**Task directions**
Go through the listing that follows and write it out exactly. Drop the pictures.

**Records for this task**
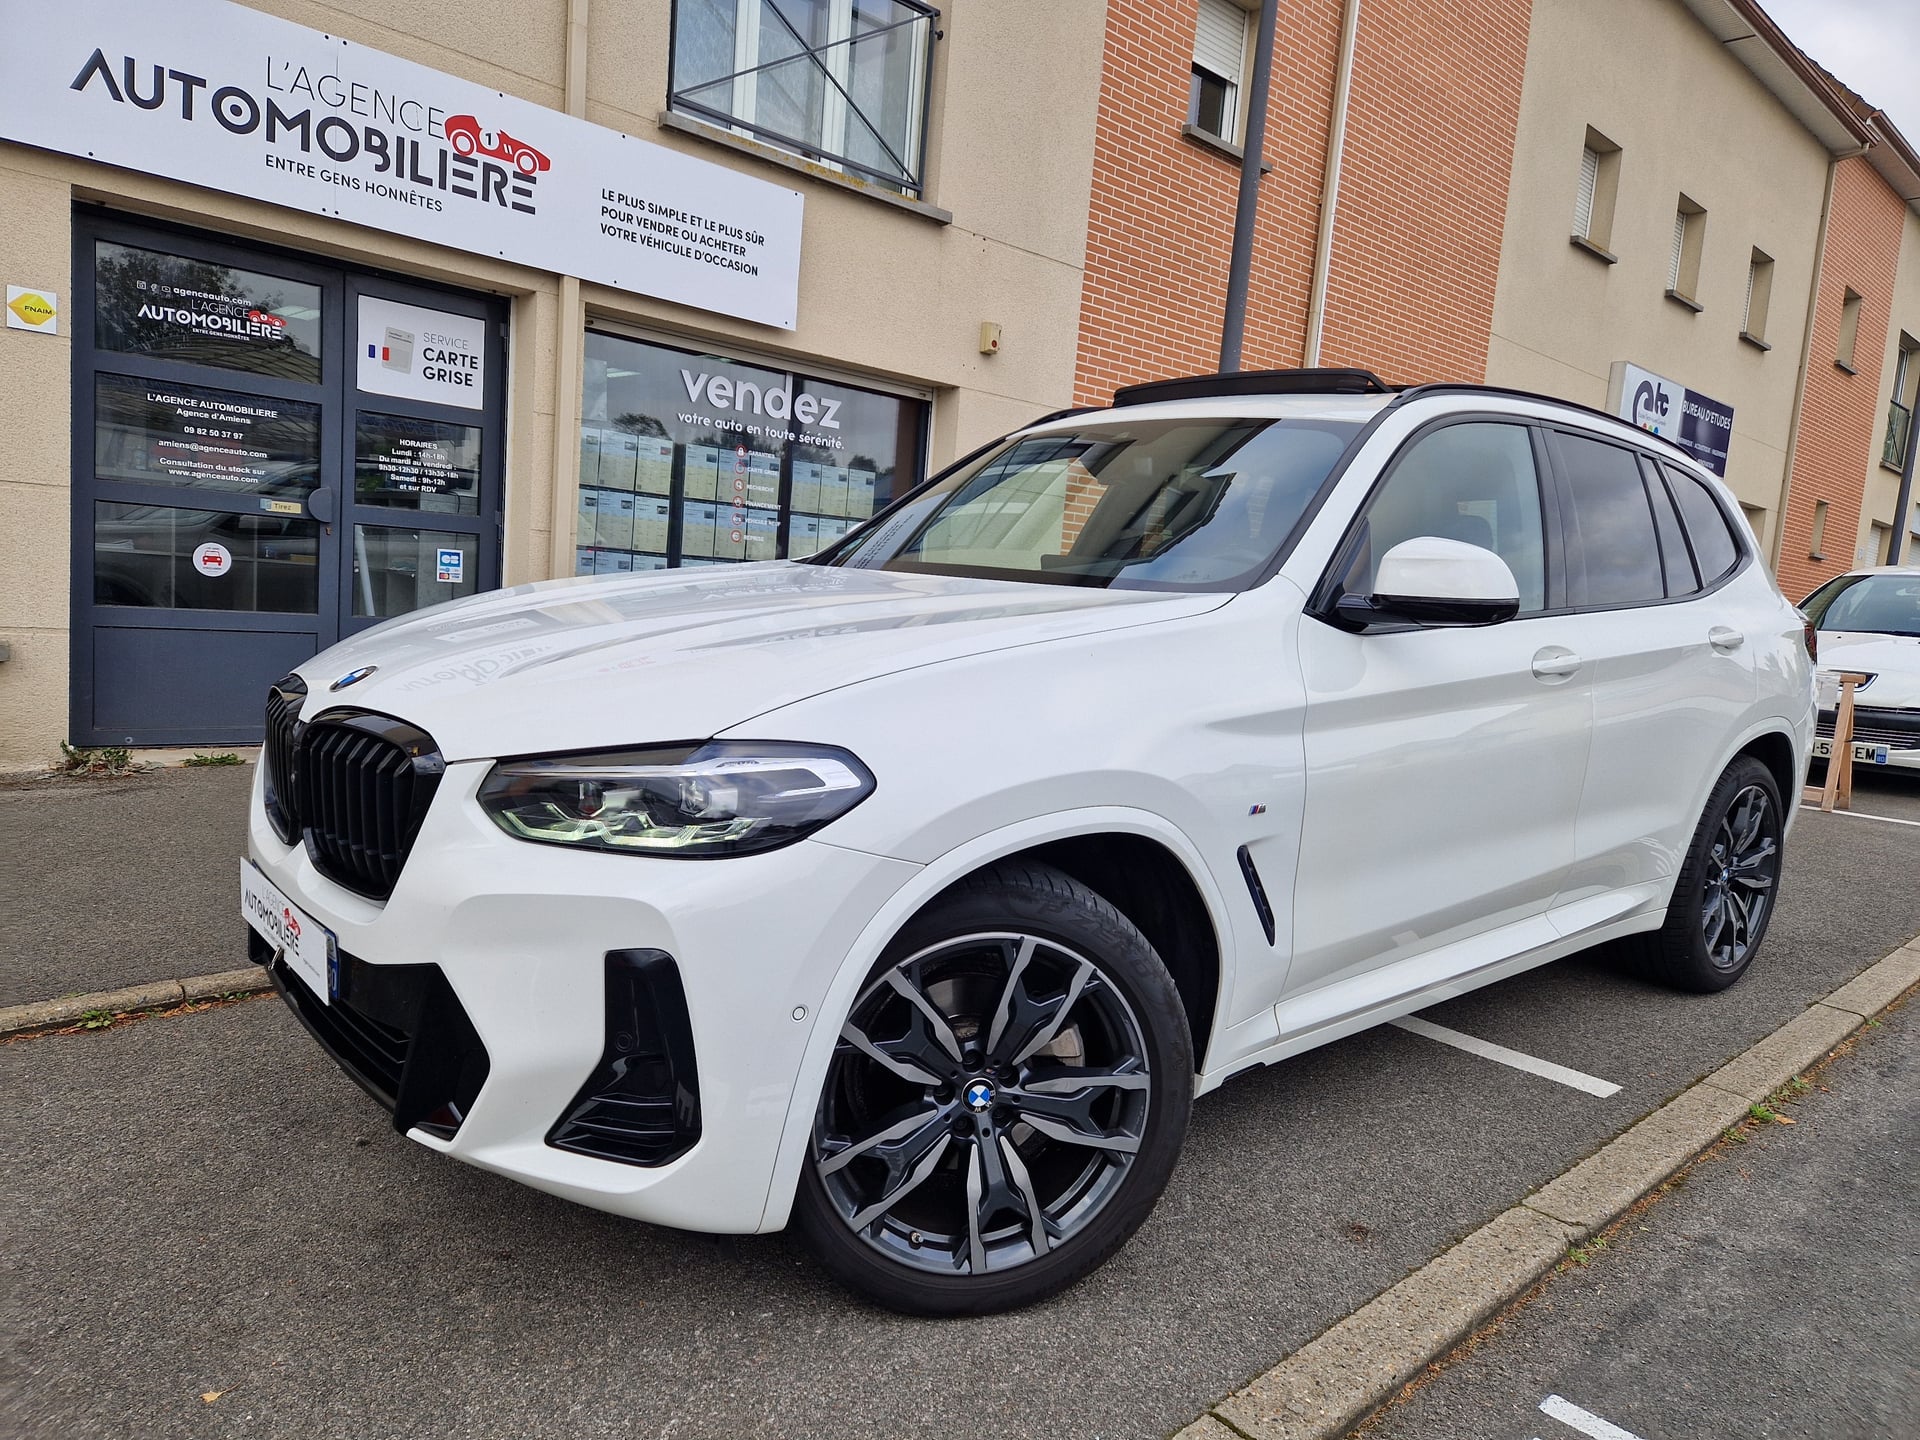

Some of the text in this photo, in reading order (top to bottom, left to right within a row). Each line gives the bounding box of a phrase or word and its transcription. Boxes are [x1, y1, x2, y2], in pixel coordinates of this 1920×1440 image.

[266, 56, 444, 140] L'AGENCE
[265, 154, 443, 212] ENTRE GENS HONNÊTES
[602, 188, 765, 246] LE PLUS SIMPLE ET LE PLUS SÛR
[601, 206, 746, 257] POUR VENDRE OU ACHETER
[600, 223, 758, 276] VOTRE VÉHICULE D'OCCASION
[173, 286, 252, 307] agenceauto.com
[24, 305, 52, 315] FNAIM
[191, 299, 249, 319] L'AGENCE
[423, 332, 469, 350] SERVICE
[423, 347, 479, 370] CARTE
[423, 366, 473, 387] GRISE
[147, 393, 278, 419] L'AGENCE AUTOMOBILIERE
[681, 368, 842, 429] vendez
[176, 408, 251, 425] Agence d'Amiens
[1682, 400, 1705, 421] BUREAU
[1705, 408, 1731, 430] D'ETUDES
[184, 425, 244, 440] 09 82 50 37 97
[678, 412, 711, 427] votre
[715, 418, 743, 433] auto
[746, 424, 761, 436] en
[765, 425, 795, 442] toute
[158, 439, 268, 459] amiens@agenceauto.com
[391, 448, 412, 456] Lundi
[399, 439, 437, 450] HORAIRES
[159, 457, 266, 476] Consultation du stock sur
[422, 461, 453, 470] vendredi
[168, 468, 258, 484] www.agenceauto.com
[390, 473, 417, 482] Samedi
[421, 485, 437, 493] RDV
[274, 503, 291, 511] Tirez
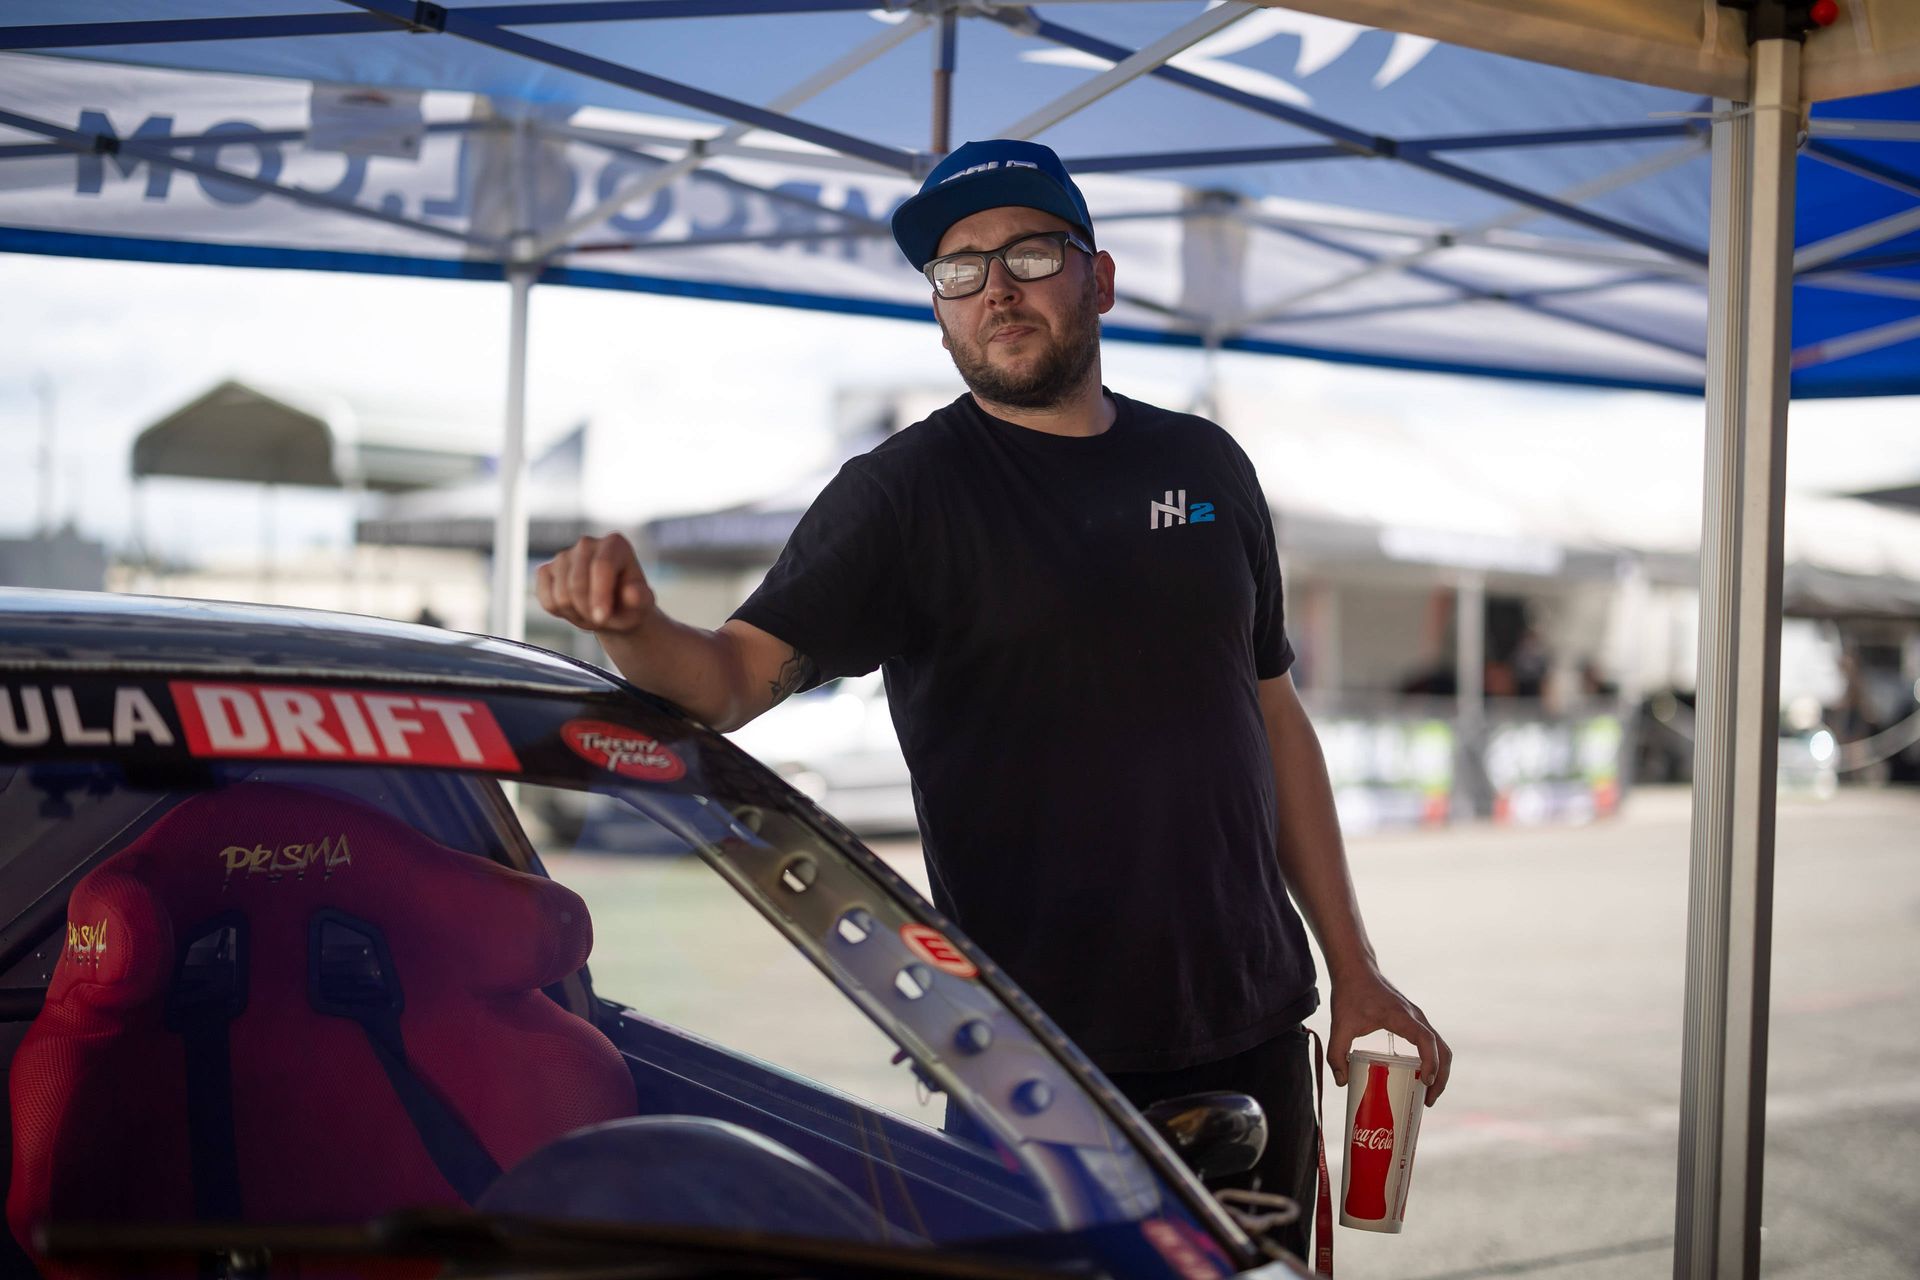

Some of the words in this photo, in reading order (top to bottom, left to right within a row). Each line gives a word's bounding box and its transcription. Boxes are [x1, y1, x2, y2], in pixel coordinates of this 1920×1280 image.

[0, 686, 175, 745] ULA
[192, 686, 485, 764] DRIFT
[576, 732, 658, 752] TWENTY
[602, 747, 672, 772] YEARS
[219, 833, 351, 882] PRISMA
[1353, 1124, 1393, 1150] ca-Cola

**Solution for this problem**
Some of the text in this photo, in reading order (top to bottom, left to right within a row). Each line gives the bounding box of a phrase or word and its transcription. Boxes are [x1, y1, x2, y2], in pixel coordinates of this 1920×1440 image.

[266, 56, 444, 140] L'AGENCE
[265, 154, 443, 212] ENTRE GENS HONNÊTES
[602, 188, 765, 246] LE PLUS SIMPLE ET LE PLUS SÛR
[601, 206, 746, 257] POUR VENDRE OU ACHETER
[600, 223, 758, 276] VOTRE VÉHICULE D'OCCASION
[173, 286, 252, 307] agenceauto.com
[24, 305, 52, 315] FNAIM
[191, 299, 249, 319] L'AGENCE
[423, 332, 469, 350] SERVICE
[423, 347, 479, 370] CARTE
[423, 366, 473, 387] GRISE
[147, 393, 278, 419] L'AGENCE AUTOMOBILIERE
[681, 368, 842, 429] vendez
[176, 408, 251, 425] Agence d'Amiens
[1682, 400, 1705, 421] BUREAU
[1705, 408, 1731, 430] D'ETUDES
[184, 425, 244, 440] 09 82 50 37 97
[678, 412, 711, 427] votre
[715, 418, 743, 433] auto
[746, 424, 761, 436] en
[765, 425, 795, 442] toute
[158, 439, 268, 459] amiens@agenceauto.com
[391, 448, 412, 456] Lundi
[399, 439, 437, 450] HORAIRES
[159, 457, 266, 476] Consultation du stock sur
[422, 461, 453, 470] vendredi
[168, 468, 258, 484] www.agenceauto.com
[390, 473, 417, 482] Samedi
[421, 485, 437, 493] RDV
[274, 503, 291, 511] Tirez

Some of the words in this photo, in reading order (top to bottom, left to right within a row). Each line gives a word's bounding box and its transcription. Boxes are [x1, y1, x2, y2], in pixel coordinates of this 1920×1280 image.

[0, 686, 175, 745] ULA
[192, 686, 485, 764] DRIFT
[576, 732, 658, 752] TWENTY
[602, 747, 672, 772] YEARS
[219, 833, 351, 882] PRISMA
[1353, 1124, 1393, 1150] ca-Cola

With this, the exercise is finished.